The workers must also be aware of good personal hygiene practices. This will help prevent cross contamination and possible spread of foodborne diseases from humans. Workers suffering from contagious diseases should refrain from coming to work and regular employee health checkups must be carried out by doctors. All staff must be trained in food and personal hygiene, and strictly follow recommended methods of hand washing and drying. Proper usage of hygiene gear including masks, caps, gloves, overalls and footwear must be ensured.

Floors, walls, drainage facilities, narrow cat-walks and all surfaces in the processing area must be cleaned thoroughly using high quality cleaning materials. The standard cleaning practices must be diligently met each time and the supervisors should ensure that the crew is doing their job properly. Quality and consistent employee training, and effective instant monitoring methods like ATP testing will help achieve these goals.

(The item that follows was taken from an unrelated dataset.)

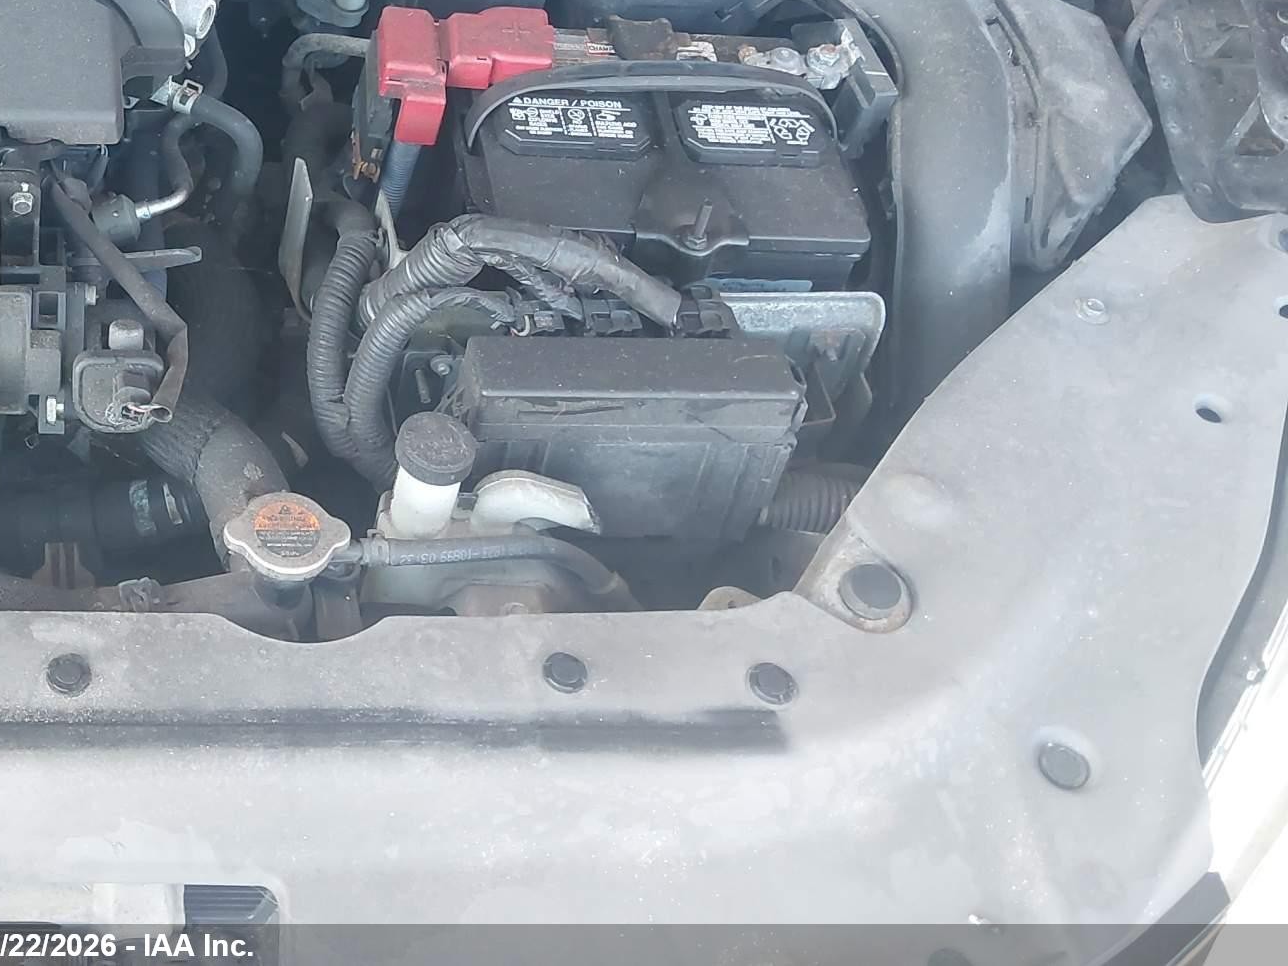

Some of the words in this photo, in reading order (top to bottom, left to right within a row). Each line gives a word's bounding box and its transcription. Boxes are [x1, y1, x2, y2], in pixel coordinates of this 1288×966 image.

[523, 96, 570, 107] DANGER
[571, 99, 579, 107] /
[580, 99, 622, 109] POISON

2. Good Packaging Is Crucial

The quality and suitability of packaging are also very important in determining the safety, longevity and hygiene of food products.

Evolving consumer habits, growth of online marketplaces, increased consumption of high-protein foods, popular demand for smaller portions due to shrinking family size and the rise in new global distribution channels have all impacted packaging requirements.

Sustainable and responsibly sourced packaging materials are the hallmark of advanced packaging technology. They are environmentally friendly and do not deplete natural resources. Clean label packaging focuses on using recycled materials, high-pressure packaging technology, digital packaging and 3-D printing techniques, and outsourcing of more activities to save money, time and resources.

The need for reducing food waste has been an important objective of all recent packaging innovations. According to a recent report by The Guardian, almost half of all U.S. food produce is thrown away. Global food waste can be reduced by extending the shelf life of packaged foods, thereby avoiding early disposal and excessive purchasing. Latest innovations include in-built freshness sensors in packaging that alert customers when food goes bad, vacuum skin innovations, barrier bags and modified-atmosphere packaging.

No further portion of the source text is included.